→ Material for this exercise

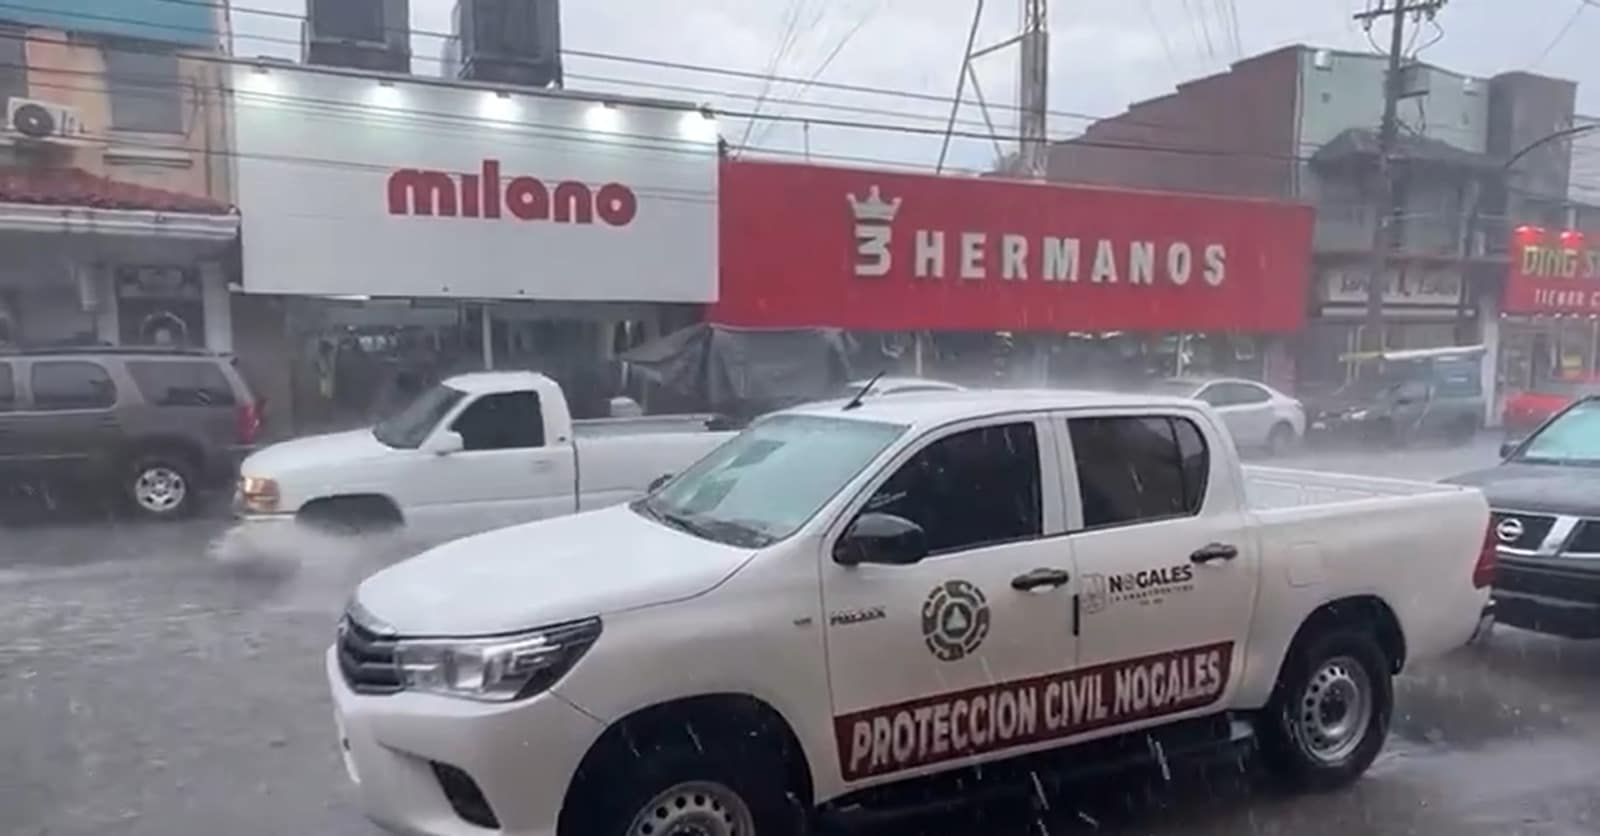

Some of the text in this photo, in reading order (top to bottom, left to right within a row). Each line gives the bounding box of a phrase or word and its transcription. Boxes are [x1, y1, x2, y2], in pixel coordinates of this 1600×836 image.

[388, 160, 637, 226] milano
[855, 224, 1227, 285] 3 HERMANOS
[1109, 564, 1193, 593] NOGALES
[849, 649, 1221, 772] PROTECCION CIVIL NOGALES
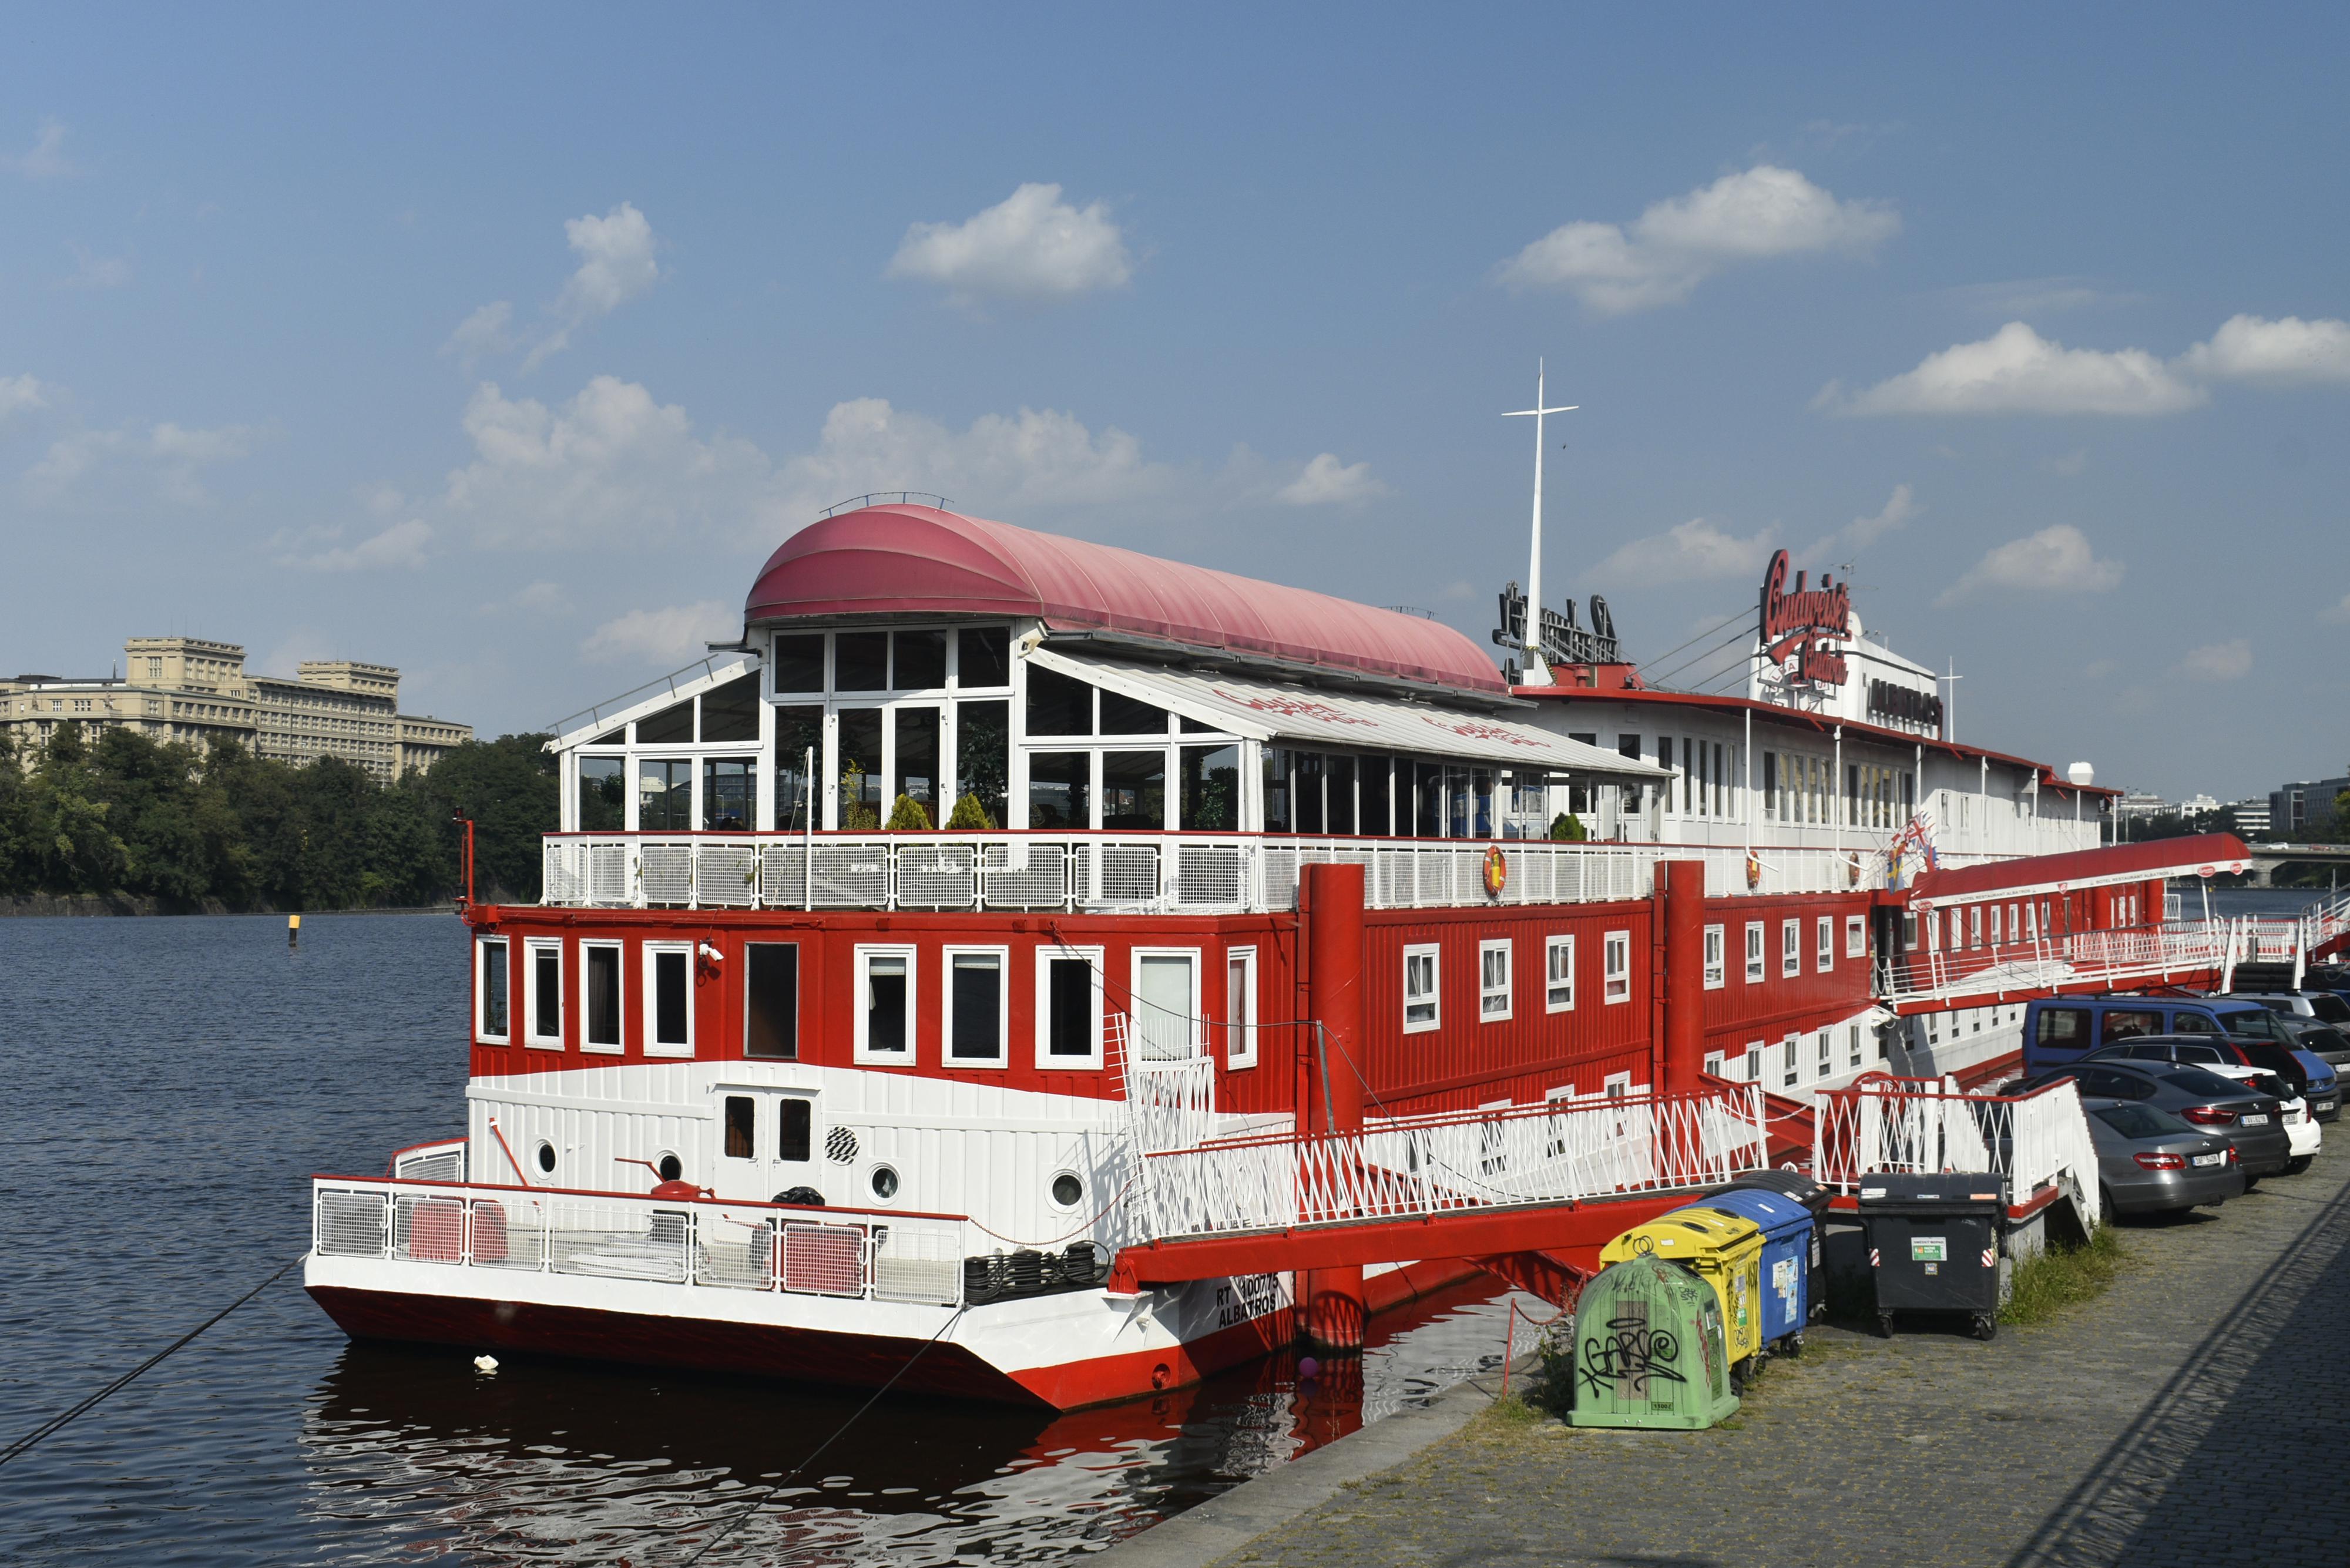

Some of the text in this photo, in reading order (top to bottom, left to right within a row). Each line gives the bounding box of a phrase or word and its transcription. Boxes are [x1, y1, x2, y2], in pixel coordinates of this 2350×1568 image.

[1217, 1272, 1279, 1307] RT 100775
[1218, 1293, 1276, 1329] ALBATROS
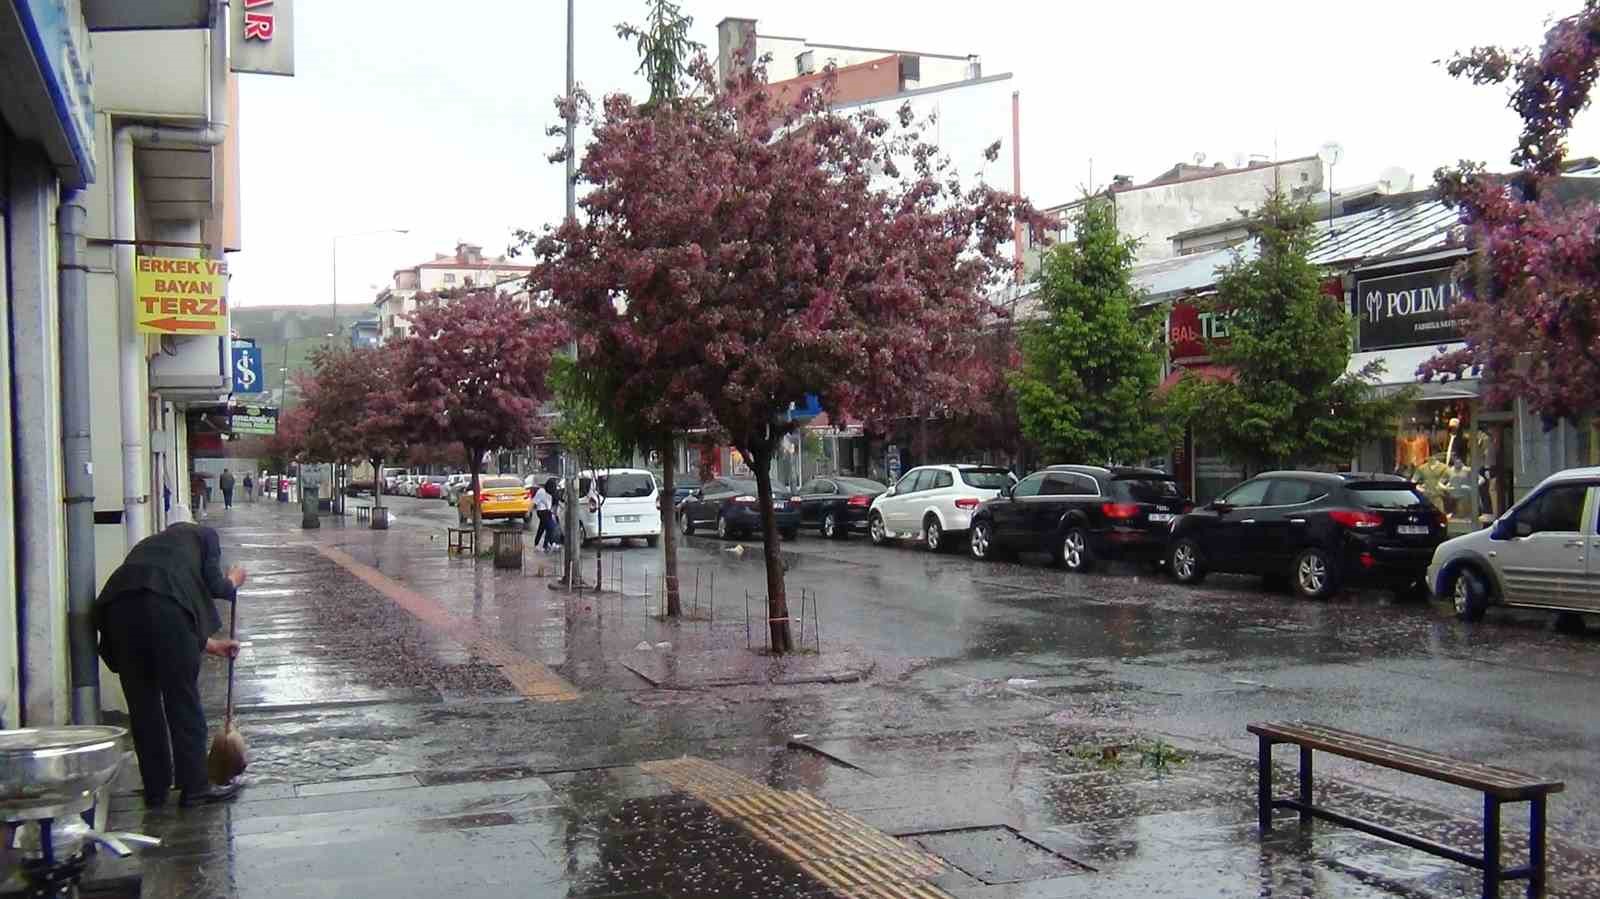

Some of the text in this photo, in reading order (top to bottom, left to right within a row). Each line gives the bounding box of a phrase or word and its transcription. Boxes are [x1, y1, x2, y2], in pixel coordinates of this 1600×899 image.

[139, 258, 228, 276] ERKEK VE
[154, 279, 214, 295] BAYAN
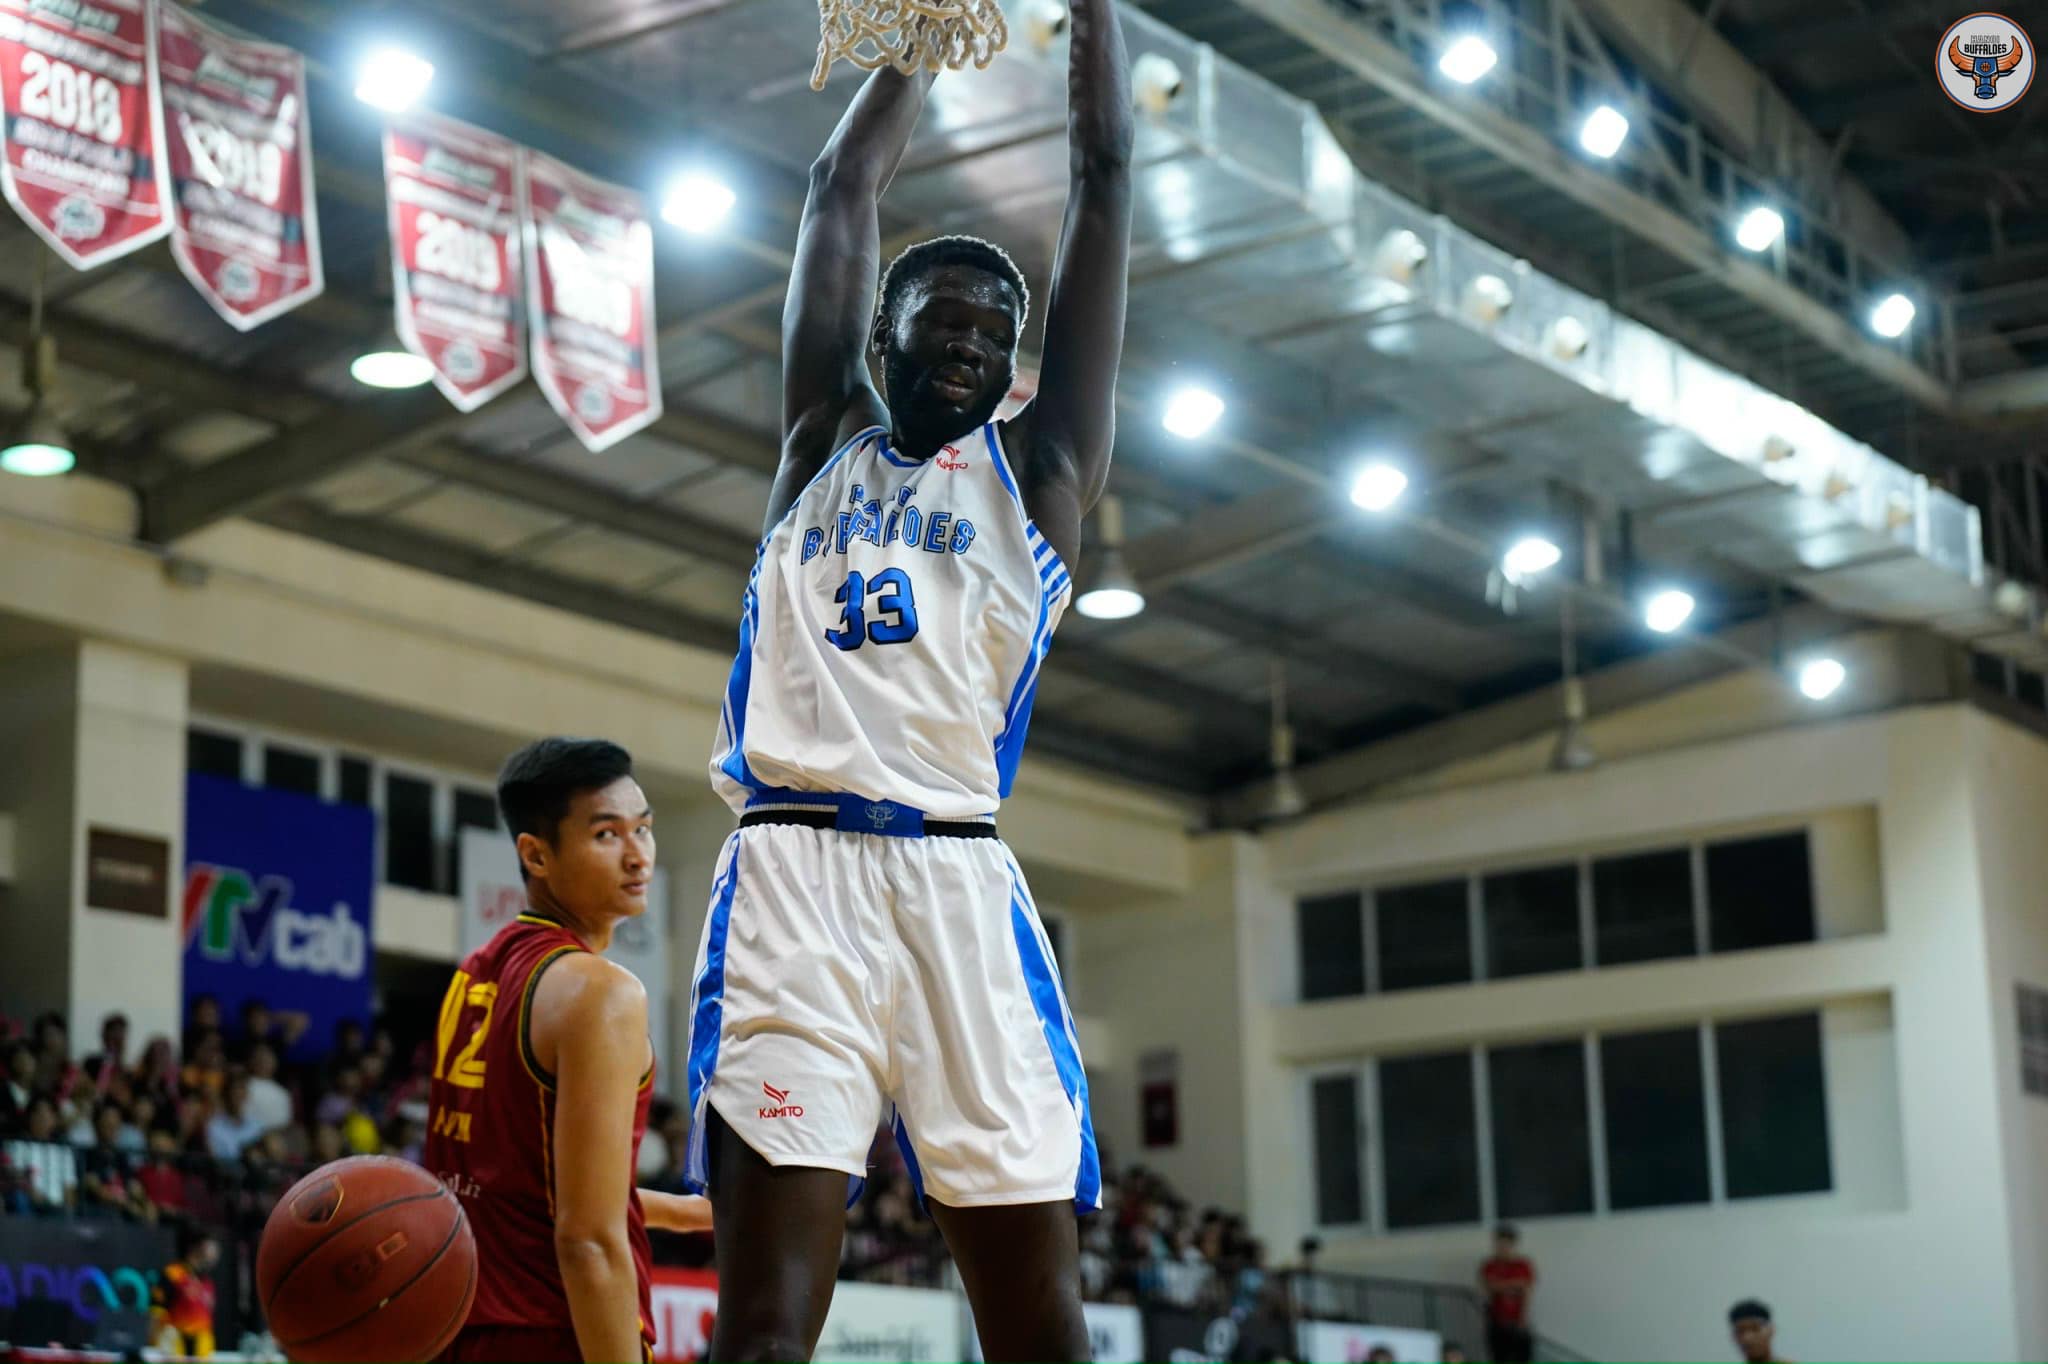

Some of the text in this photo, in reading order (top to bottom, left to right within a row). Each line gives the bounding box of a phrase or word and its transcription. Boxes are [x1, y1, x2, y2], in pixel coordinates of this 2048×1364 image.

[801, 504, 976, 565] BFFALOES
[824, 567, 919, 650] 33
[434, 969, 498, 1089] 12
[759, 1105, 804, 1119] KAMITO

→ Task item
Give back the data verbatim. The pictures are not part of the copy.

→ Answer to the problem
Some of the text in this photo, in reading order (top to bottom, left to right within a row). Each line gives the bounding box of a phrase or word and its transcription. Boxes are [x1, y1, x2, y2], in pixel coordinates of this 1600×836 image.

[388, 160, 637, 226] milano
[855, 224, 1227, 285] 3 HERMANOS
[1109, 564, 1193, 593] NOGALES
[849, 649, 1221, 772] PROTECCION CIVIL NOGALES

Some of the text in this photo, in reading order (top to bottom, left to right within a row). Each line gives the bounding box of a phrase or word and its transcription. Boxes are [x1, y1, x2, y2], in pixel coordinates of this 2350×1568 image.

[1217, 1272, 1279, 1307] RT 100775
[1218, 1293, 1276, 1329] ALBATROS

Some of the text in this photo, in reading order (top to bottom, left to right within a row). Each line gives the bounding box of a phrase or word and its transcription. Boxes are [x1, y1, x2, y2], in pixel coordinates of this 1600×899 image.

[139, 258, 228, 276] ERKEK VE
[154, 279, 214, 295] BAYAN

Some of the text in this photo, in reading order (top to bottom, left to right within a row). Each line gives the bounding box of a phrase or word and its transcription. Boxes are [x1, y1, x2, y2], in pixel coordinates of this 2048×1364 image.

[801, 504, 976, 565] BFFALOES
[824, 567, 919, 650] 33
[434, 969, 498, 1089] 12
[759, 1105, 804, 1119] KAMITO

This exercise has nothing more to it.